### Aim of the task
Check each line of the data for "SUPERMARKETULDINCENTRU", and copy the ones that have it.

### Dataset records

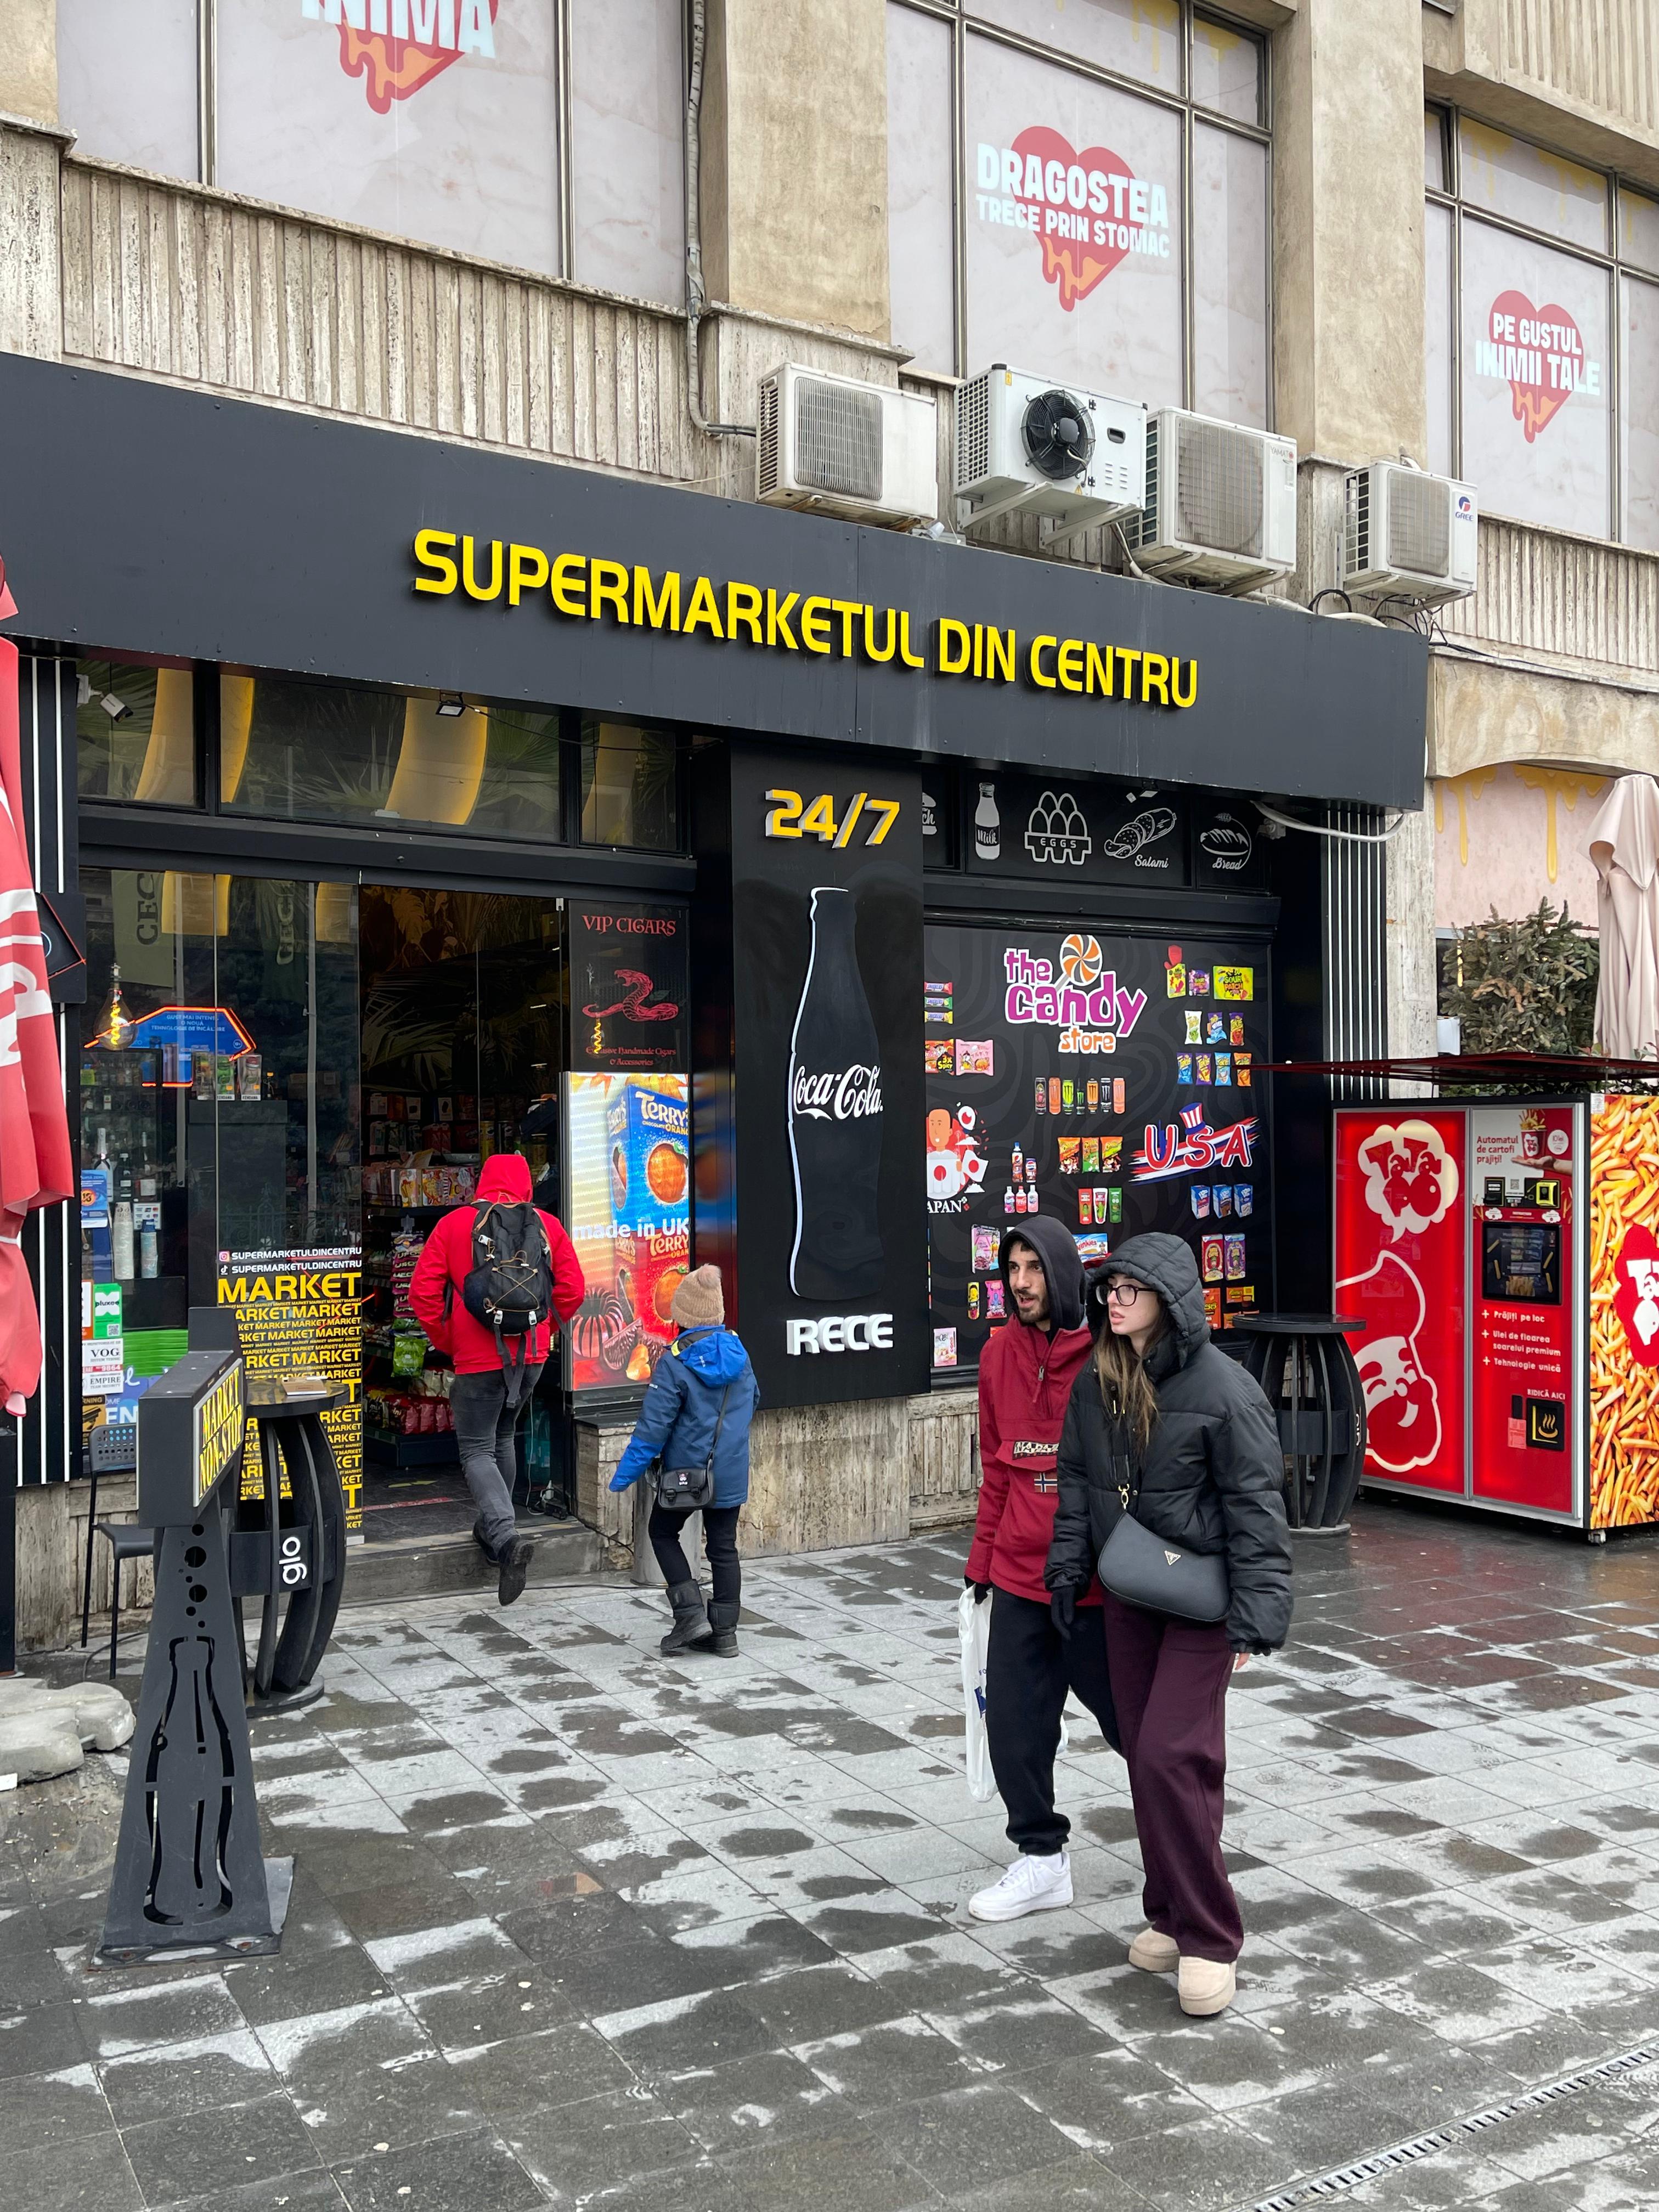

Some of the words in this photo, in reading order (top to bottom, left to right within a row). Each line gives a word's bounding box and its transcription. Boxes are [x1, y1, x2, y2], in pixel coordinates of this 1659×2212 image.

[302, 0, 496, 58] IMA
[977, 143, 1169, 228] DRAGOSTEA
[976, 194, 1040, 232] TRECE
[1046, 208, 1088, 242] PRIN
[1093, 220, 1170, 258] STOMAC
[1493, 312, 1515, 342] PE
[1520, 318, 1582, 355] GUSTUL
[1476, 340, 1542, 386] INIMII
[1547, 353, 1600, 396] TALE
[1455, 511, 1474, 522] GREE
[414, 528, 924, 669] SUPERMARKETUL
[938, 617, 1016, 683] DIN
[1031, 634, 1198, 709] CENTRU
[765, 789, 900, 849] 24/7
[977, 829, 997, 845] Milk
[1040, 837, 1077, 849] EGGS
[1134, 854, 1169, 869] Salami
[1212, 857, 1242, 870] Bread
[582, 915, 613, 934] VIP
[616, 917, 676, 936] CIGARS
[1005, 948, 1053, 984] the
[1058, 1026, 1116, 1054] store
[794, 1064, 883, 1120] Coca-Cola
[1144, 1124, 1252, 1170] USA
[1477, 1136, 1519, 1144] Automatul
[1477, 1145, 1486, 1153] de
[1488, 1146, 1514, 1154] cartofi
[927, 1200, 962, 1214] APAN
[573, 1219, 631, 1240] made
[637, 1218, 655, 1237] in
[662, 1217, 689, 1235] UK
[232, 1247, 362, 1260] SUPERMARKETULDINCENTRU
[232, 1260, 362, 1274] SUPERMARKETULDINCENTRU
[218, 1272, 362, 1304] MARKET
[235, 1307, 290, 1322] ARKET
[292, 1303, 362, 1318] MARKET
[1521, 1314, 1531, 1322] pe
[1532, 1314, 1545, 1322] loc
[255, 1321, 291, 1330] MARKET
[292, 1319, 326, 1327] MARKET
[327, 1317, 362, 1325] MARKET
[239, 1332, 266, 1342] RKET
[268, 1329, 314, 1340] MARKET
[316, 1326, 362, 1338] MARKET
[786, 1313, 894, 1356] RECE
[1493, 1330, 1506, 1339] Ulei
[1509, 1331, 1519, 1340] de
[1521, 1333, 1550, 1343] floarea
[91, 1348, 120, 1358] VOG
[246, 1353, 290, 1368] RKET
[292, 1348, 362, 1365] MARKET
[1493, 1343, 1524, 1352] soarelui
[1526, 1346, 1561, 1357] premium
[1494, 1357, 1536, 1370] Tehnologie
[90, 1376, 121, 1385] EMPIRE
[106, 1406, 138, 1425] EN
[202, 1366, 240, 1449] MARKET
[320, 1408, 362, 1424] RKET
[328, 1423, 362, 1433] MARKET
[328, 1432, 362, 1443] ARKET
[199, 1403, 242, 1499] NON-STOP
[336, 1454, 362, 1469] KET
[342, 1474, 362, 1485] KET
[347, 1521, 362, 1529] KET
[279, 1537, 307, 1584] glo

### Exercise response
[232, 1247, 362, 1260] SUPERMARKETULDINCENTRU
[232, 1260, 362, 1274] SUPERMARKETULDINCENTRU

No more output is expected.